Sim... já é fato bem conhecido por todos, que os romanos construíram um sistema viário com mais de 85 mil km de comprimento, que se estendia desde Newcastle upon Tyne (ao norte do que hoje é a Inglaterra) até Petra, na Jordânia, de onde partiam as “caravanas do incenso” até o lêmen.

Também não é novidade que essa rede de estrada, como o Sistemas Interestadual de Rodovias dos EUA (iniciado ao final da Segunda Guerra Mundial) teve como principal motivação a defesa: ou seja, a possibilidade de transportar os exércitos, rapidamente, a qualquer ponto do território.

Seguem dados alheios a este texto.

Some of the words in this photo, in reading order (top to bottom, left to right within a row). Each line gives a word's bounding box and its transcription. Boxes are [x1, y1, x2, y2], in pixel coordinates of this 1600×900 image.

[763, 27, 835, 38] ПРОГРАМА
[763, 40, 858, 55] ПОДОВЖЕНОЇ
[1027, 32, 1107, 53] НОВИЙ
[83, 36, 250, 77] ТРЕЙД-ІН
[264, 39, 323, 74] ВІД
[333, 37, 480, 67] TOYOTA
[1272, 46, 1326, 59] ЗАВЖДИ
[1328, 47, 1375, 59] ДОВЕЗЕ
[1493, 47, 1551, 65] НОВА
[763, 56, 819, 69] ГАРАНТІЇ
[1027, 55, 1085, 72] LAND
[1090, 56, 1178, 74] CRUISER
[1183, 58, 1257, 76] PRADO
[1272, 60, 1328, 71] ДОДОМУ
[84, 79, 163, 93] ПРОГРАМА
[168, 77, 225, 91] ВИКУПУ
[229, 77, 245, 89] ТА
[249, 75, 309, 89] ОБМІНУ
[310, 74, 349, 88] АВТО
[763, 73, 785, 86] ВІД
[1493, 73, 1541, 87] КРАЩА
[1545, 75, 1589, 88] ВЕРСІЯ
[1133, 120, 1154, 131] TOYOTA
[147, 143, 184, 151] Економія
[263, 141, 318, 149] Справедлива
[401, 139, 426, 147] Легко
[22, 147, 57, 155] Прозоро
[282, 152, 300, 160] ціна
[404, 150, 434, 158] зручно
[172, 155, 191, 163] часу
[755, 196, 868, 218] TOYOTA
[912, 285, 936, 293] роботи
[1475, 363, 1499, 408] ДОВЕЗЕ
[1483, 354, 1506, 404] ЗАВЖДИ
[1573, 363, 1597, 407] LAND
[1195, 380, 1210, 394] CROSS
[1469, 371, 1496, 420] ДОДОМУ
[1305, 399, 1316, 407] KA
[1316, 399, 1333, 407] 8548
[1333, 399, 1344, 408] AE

De maneira similar, muitas nações contemporâneas encontraram na construção e melhoramento das rodovias uma ferramenta para o controle territorial ou para a implantação da democracia. Então, que lugar ocupa a engenharia, e mais particularmente, a engenharia de pavimentos nisso tudo? Ora, o papel de tornar essas obras possíveis ao longo de toda a história.

Falando nisso, sabemos que a história do ser humano é uma estranha linha que avança numa trajetória espiral. Já bem se disse que “a história se repete...”.

Desde a década de 1950, os pavimentos de blocos de concreto, ou pavimentos segmentados, elaborados com unidades de concreto, ou como se diz no Brasil, os pavimentos de blocos “intertravados” de concreto, se desenvolveram a tal ponto que se pode afirmar não existir sequer um nicho da engenharia que não tenha sido permeado por este tipo de pavimento: calçadas, praças, ruas, caminhos, rodovias, piso industriais, portos, aeroportos; e em quase todos os lugares do mundo, em maior ou menor quantidade.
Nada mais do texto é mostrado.